Zakouma is important for two reasons. Firstly, through a strong emphasis on security, stability and local communities, the park has become a stronghold for many species that are endangered or extinct in other parts of Central and West Africa. And secondly, because it stands as an example of what can be achieved by a zero-tolerance conservation strategy within an area notorious for a violent ivory and wildlife trade.
The decision of the government to pass responsibility for a national park to a foreign NGO was controversial, and African Parks’ approach is not without its critics, with accusations that its strict management of park boundaries
displaces local people, and robs them of their traditional lands and ways of life.
Chad’s oldest national park has been a target for poachers for centuries, drawn by an elephant population that in the 1970s numbered around 22,000. But by 2010, almost 90 percent of them had been slaughtered for their ivory, with Janjaweed mercenaries crossing the border from Sudan on horseback, terrorising and plundering villages on the outskirts of the parks, their activities unimpeded as Chad wrestled with civil war and widespread lawlessness. African Parks’ quasi-militarised conservation has dramatically halted the poaching that was ravaging Zakouma’s wildlife.

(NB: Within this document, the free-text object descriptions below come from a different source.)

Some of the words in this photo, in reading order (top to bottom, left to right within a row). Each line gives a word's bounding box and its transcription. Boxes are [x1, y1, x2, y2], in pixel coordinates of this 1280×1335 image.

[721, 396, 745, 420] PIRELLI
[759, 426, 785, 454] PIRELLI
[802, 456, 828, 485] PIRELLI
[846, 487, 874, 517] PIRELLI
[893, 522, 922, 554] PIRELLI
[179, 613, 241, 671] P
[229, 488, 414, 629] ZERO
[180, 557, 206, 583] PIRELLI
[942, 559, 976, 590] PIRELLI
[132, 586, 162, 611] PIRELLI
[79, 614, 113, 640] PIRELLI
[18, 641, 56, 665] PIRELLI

Peter Fearnhead, co-founder of African Parks, has said he prefers to think of their conservation model as ‘professionalised’ rather than '
militarised’. However, the rangers in Zakouma do resemble soldiers, bearing high-powered rifles, their vehicles mounted with high calibre weapons. Such ‘professionalism’ is a reaction to the danger posed by poachers. In 2012, six Zakouma park rangers were murdered by a gang of ivory poachers as they performed their morning prayers. That atrocity prompted African Parks to create the heavily armed rapid response unit it calls the Mamba team.
And they have a formidable foe. Ivory is not only used for artworks and traditional medicines in countries such as China and Egypt, but it serves as a form of criminal currency,
funding terrorist organisations and militias. Poaching is just the ugly face of the illegal wildlife trade, which is fuelled by lax or corrupt governments and security forces. Many of the raiders that persecuted Zakouma crossed the border from Sudan, which is seen as a safe haven for some criminal groups.
Today, Zakouma’s remaining elephants are naturally wary of humans. But in contrast to elsewhere in West Africa, their numbers are increasing, and now they will often choose to remain within the park even during the wet season, because they view it as a place of relative safety.